As a student of politics, I was fascinated by the next two hours, watching these two larger-than-life men navigate this discreet meeting with their respective agendas. Adams seemed genuinely interested in Cuomo’s opinions on various topics like bail reform and how to best leverage his power with the leaders of the Legislature.

But pretty quickly, it became apparent that Cuomo was there with a different goal: He wanted to get back into the political arena, and he was hoping the popular new mayor would become a potential validator for his comeback. “(If I become governor again), I’m the only guy that can fix bail reform,” Cuomo boasted, addressing a charged topic Adams had been railing about for months.

It seemed Cuomo was testing the waters for a gubernatorial run in 2022 against Gov. Kathy Hochul, his former lieutenant, and he hoped the mayor would get behind him and help smooth his way back to Albany.

And that was how the amiable conversation proceeded that night. The only other memorable moment was when the waiter came over to ask for our orders. “I’ll have the branzino,” the self-proclaimed vegan mayor said. I’d had many meals with him the previous two years, and this was the first indication that he was more “flexitarian” than vegan.

Cuomo left after he and Adams exchanged cellphone numbers and high-fived goodbye. I felt satisfied I had made a match that could help Adams accomplish some of his policy goals.

The next morning, one of Adams’ close aides called me on my cell. “Hey Tom,” he said, “what the fuck, a meeting with Cuomo?”

I was taken aback because I assumed Adams had told his team about the powwow with the ex-governor. Apparently, he hadn’t. And his aides were pissed. Now, Adams didn’t want to stir up any more controversy.

The mayor called me shortly thereafter. “If anyone asks you, we were having dinner together and Cuomo happened to be in the same restaurant, so we invited him over,” Adams ad-libbed to me.

“Really, that’s the story you want to go with?” I asked incredulously. “No one will believe it and I’m not comfortable trying to fool people. Let’s hope no one calls me.”

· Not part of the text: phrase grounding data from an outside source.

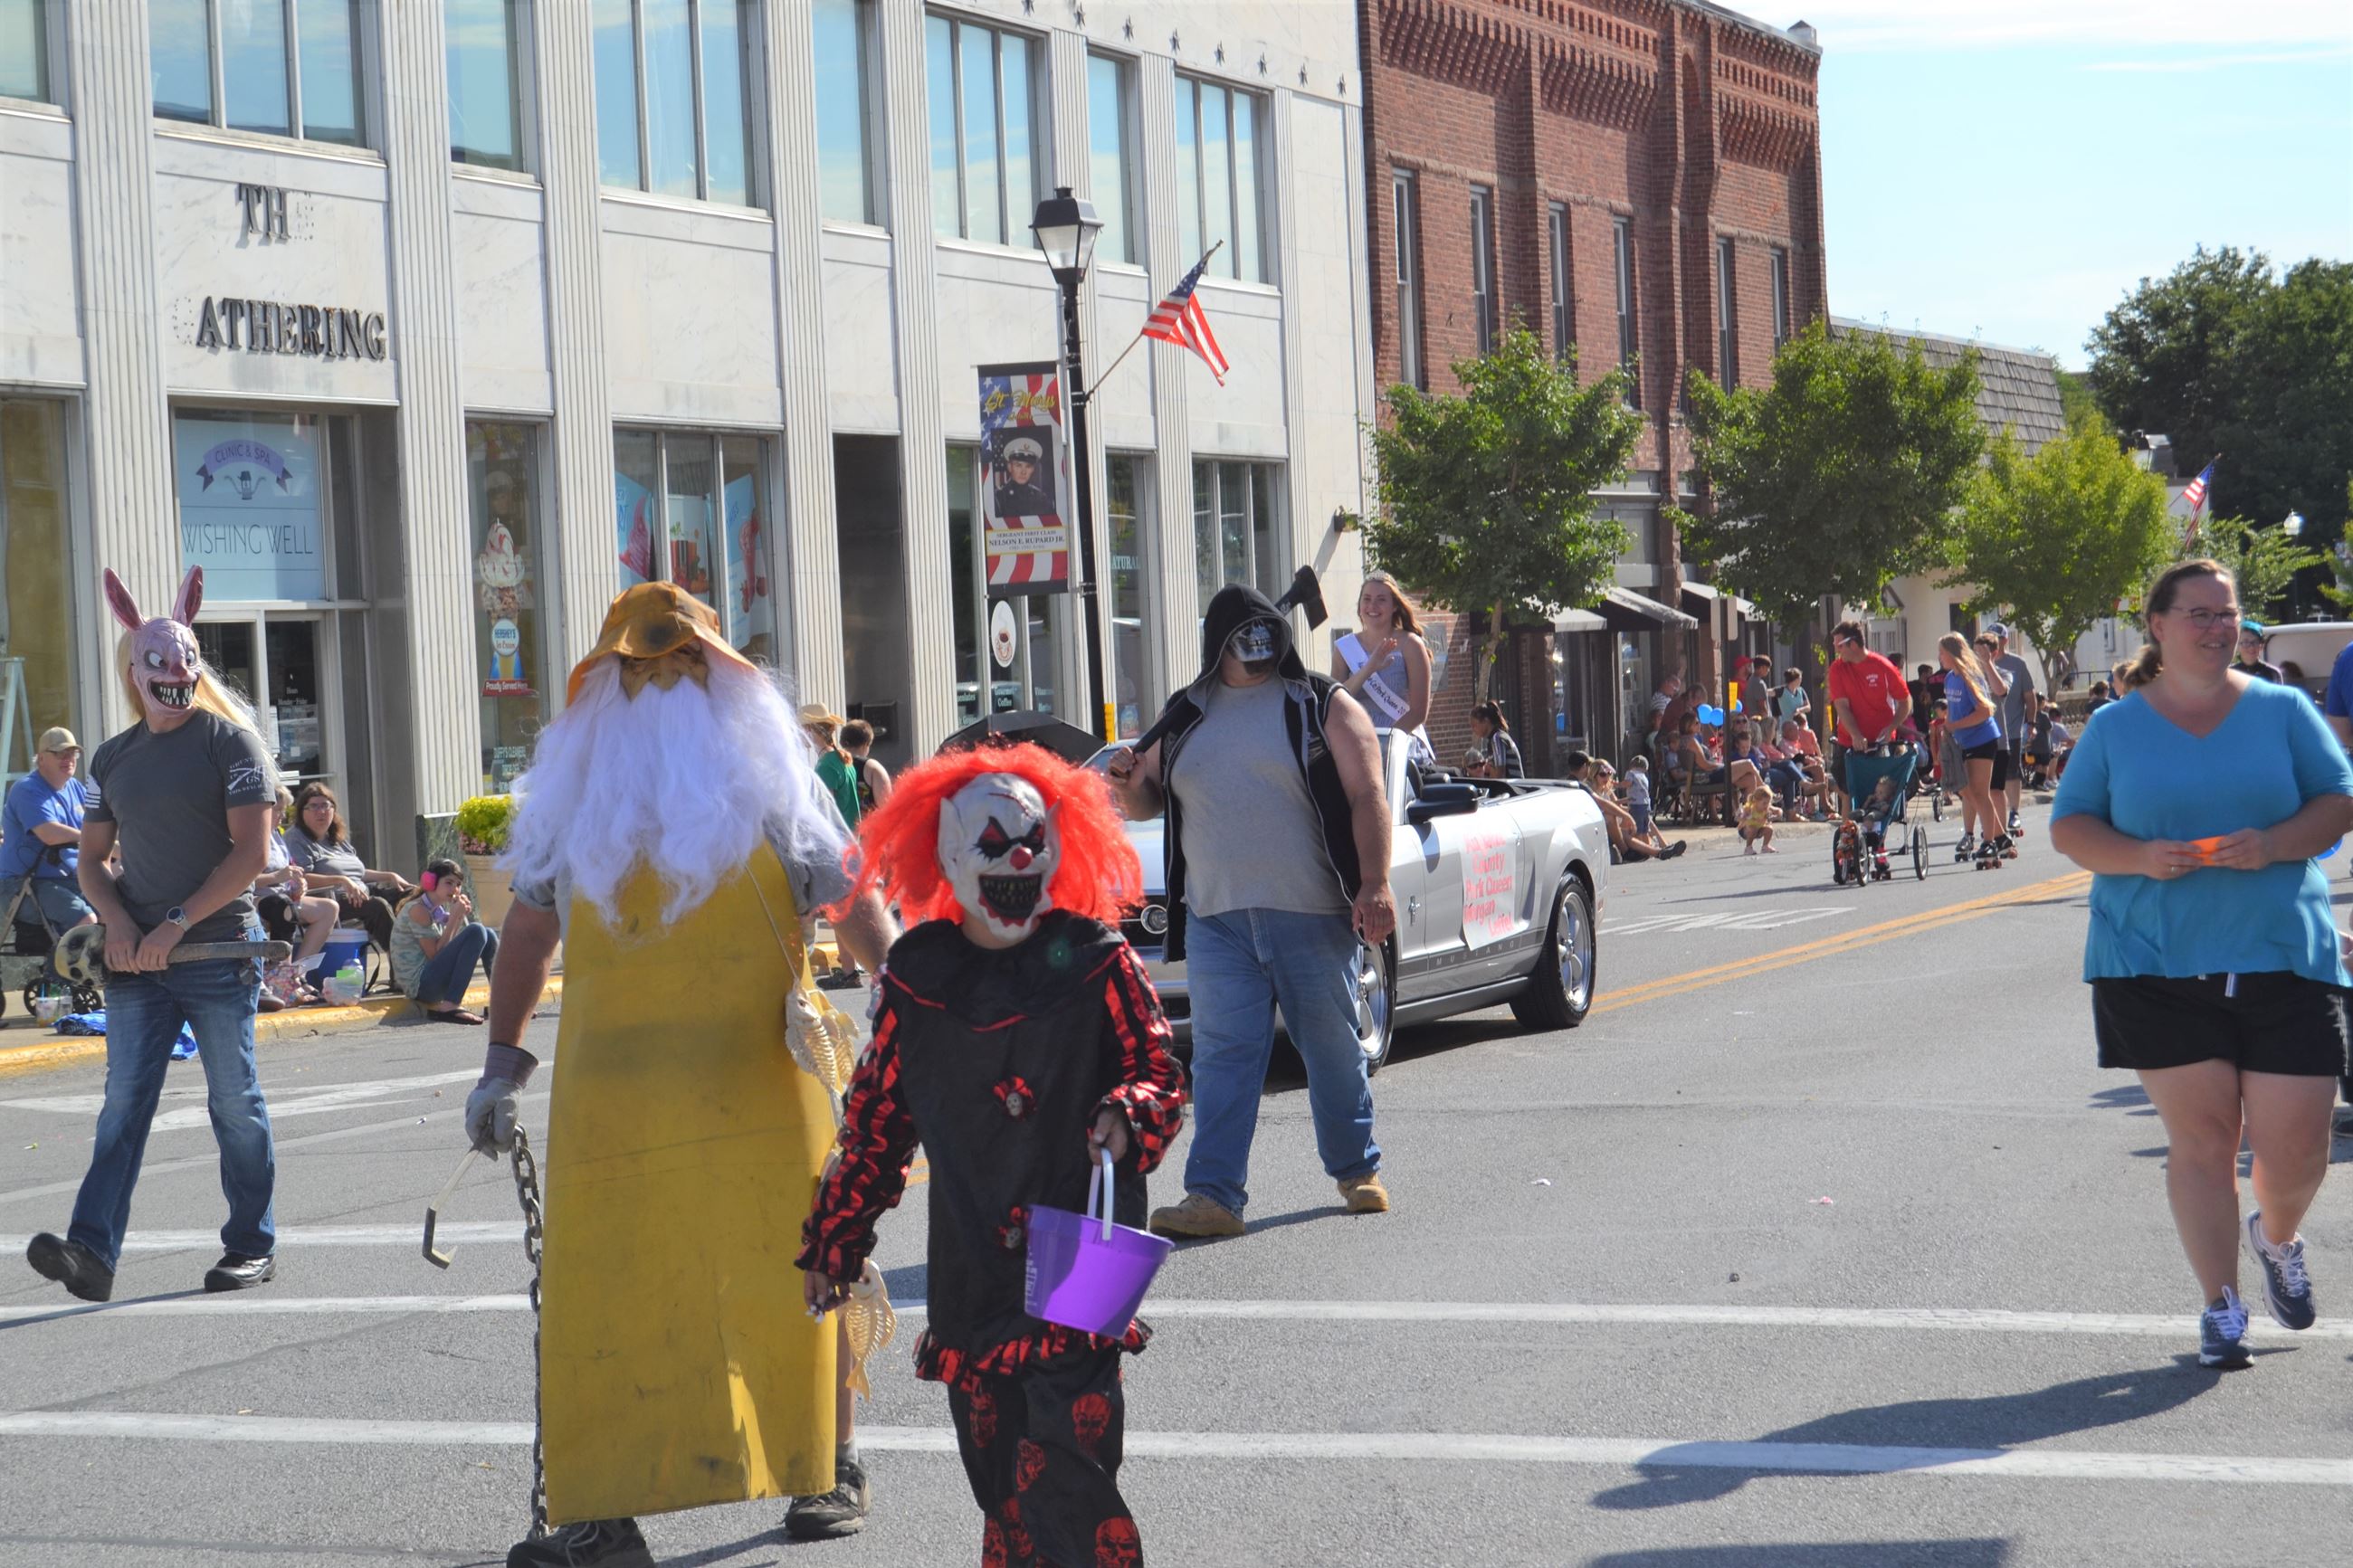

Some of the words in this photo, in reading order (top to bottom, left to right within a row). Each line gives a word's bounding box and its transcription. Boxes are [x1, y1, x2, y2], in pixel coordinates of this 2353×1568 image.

[196, 296, 386, 361] ATHERING
[214, 443, 243, 463] CLINIC
[245, 444, 252, 458] &
[253, 447, 272, 465] SPA
[181, 523, 262, 555] WISHING
[264, 524, 314, 555] WELL
[989, 538, 1017, 546] NELSON
[1025, 536, 1055, 545] RUPARD
[495, 628, 517, 639] HERSHEY'S
[997, 697, 1013, 708] Coffee
[1384, 696, 1398, 710] Queen
[1472, 852, 1506, 875] County
[1465, 878, 1484, 900] Pork
[1485, 875, 1513, 896] Queen
[1463, 898, 1496, 926] Morgan

Fortunately, no one ever called me, but news of the meeting still leaked. Even “Branzino-gate” made Page Six in the New York Post. Some waiter or staff member at Osteria La Baia must have leaked that one.

So here we are, almost four years later. Biden is fading into obscurity, a scorned figure to many Democrats upset that he let Trump back into the White House because he didn’t yield to generational change early enough.

And on Oct. 23, Adams endorsed Cuomo for mayor. This was almost unimaginable a few weeks ago when Adams, then still a candidate for reelection, appeared at a hastily scheduled press conference outside Gracie Mansion to call Cuomo “a snake and a liar” and rebut rumors that he would exit the mayoral election.

He exited a few weeks later.

Politics is often called a blood sport. That might be true, but it often reminds me more of children playing on a merry-go-round or see-saw.

One day, you’re up, being talked about as a potential Democratic presidential candidate for your leadership during the COVID-19 pandemic. A year later, you’re down, chased from office.

One day, you’re “the future of the Democratic Party” and the “Biden of Brooklyn.” Three years later, you’re coming off a dismissed indictment and dropping out of the race for reelection because your polls show you barely have double-digit support from voters.

And one day, you’re calling your opponent “a snake and a liar” but just a few weeks later, you’re endorsing them to succeed you as mayor as you insist that the two of you are “like brothers, and brothers sometimes fight.”

Politics makes strange bedfellows indeed.

Tom Allon is the founder and publisher of City & State.